Rochester’s two health systems are beginning non-emergency surgeries again this week after Gov. Andrew Cuomo identified Monroe County as one the 35 counties that can start easing pandemic restrictions on its hospital activities. 

Such surgeries were on hold for the last several weeks to allow hospitals the capacity to devote to a surge of COVID-19 cases, which can be medically intense. 

“Our community has successfully flattened the curve and the risk of a dramatic surge … is low,” said Michael Apostolakos M.D., chief medical officer for the University of Rochester Medical Center. He was joined by the chief medical officer of Rochester Regional Health, Robert Mayo M.D., in a video conference about the change. 

The lifting of restrictions “means families can resume getting the care that they need,” Apostolakos said. “Non-COVID illness is increasing as people have not gotten some of the care that they need.”

Originally, the state had said routine surgeries could not continue unless COVID-19 cases had dropped to fewer than 10 admissions in 10 days. That threshold has not been reached locally, but earlier this week the state changed the threshold to allow areas where COVID-19 is less prevalent to open up again. 

“That was a thoughtful and helpful change,” said Mayo, noting that the previous threshold hadn’t accounted for population density or a stable COVID situation. Rochester appears to have landed on a plateau.

“Because Monroe County has done such a noteworthy job in flattening the curve, (the state) felt it was not as applicable to us, and we’re pleased that the criteria charged,” Mayo said.

Apostolakos noted that the change applies to all hospitals within the two health systems, not just those in Monroe County. The University of Rochester system includes the medical center, Highland Hospital, Thompson Hospital in Canandaigua, Noyes Hospital in Dansville, Livingston County, St. James Hospital in Hornell and Jones Memorial Hospital in Wellsville, Allegany County. RRH hospitals include Rochester General Hospital, Unity Hospital in Greece, Newark-Wayne Community Hospital in Wayne County, Clifton Springs Hospital and Clinic in Ontario County and United Memorial Medical Center in Batavia.

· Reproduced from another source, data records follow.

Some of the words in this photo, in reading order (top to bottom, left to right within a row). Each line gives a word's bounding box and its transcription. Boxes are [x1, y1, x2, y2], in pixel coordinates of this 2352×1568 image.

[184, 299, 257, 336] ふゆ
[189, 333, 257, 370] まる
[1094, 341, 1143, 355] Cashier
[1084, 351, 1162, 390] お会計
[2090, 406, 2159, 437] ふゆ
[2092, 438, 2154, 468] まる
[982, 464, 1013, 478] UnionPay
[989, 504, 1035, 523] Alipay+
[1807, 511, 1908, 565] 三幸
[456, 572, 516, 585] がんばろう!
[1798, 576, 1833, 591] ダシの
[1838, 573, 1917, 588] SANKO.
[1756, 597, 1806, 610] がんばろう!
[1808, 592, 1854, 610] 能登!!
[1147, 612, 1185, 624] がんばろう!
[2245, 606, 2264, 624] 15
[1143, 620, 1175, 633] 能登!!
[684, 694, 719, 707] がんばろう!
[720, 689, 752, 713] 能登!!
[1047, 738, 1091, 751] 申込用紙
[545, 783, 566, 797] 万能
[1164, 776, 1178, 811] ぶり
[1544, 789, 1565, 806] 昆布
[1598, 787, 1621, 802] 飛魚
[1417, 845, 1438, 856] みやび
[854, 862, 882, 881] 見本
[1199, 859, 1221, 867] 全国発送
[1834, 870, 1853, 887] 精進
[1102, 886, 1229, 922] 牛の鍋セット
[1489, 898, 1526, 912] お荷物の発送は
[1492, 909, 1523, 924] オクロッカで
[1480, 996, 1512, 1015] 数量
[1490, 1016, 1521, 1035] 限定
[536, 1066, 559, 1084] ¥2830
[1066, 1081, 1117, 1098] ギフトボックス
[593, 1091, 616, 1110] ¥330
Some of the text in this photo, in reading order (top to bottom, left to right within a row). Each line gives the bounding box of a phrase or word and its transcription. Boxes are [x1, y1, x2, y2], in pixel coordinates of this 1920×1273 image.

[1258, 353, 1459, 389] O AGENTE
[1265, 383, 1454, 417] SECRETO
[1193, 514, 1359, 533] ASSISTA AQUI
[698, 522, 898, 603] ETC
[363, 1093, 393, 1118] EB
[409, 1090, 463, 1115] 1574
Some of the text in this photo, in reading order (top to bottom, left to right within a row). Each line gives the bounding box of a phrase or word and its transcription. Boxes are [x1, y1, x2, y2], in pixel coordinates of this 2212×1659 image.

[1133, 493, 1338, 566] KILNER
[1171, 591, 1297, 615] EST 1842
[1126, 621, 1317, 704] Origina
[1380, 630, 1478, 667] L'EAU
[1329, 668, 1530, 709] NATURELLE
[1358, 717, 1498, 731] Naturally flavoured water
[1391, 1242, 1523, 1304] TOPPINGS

Apostolakos said “We’ll start with the most urgent procedures and move on from there,” adding it could take several months to work through the backlog created by the last several months.

The hospitals will remain vigilant about precautions such as universal masking, social distancing and extra cleaning. 

Mayo said, “We want to open as much capacity as possible, as quickly as possible and as safely as possible.”

In the meantime, the medical chiefs said, the hospitals will maintain some capacity in reserve for a potential resurgence of COVID-19 cases and could ramp up emergency restrictions again quickly if needed.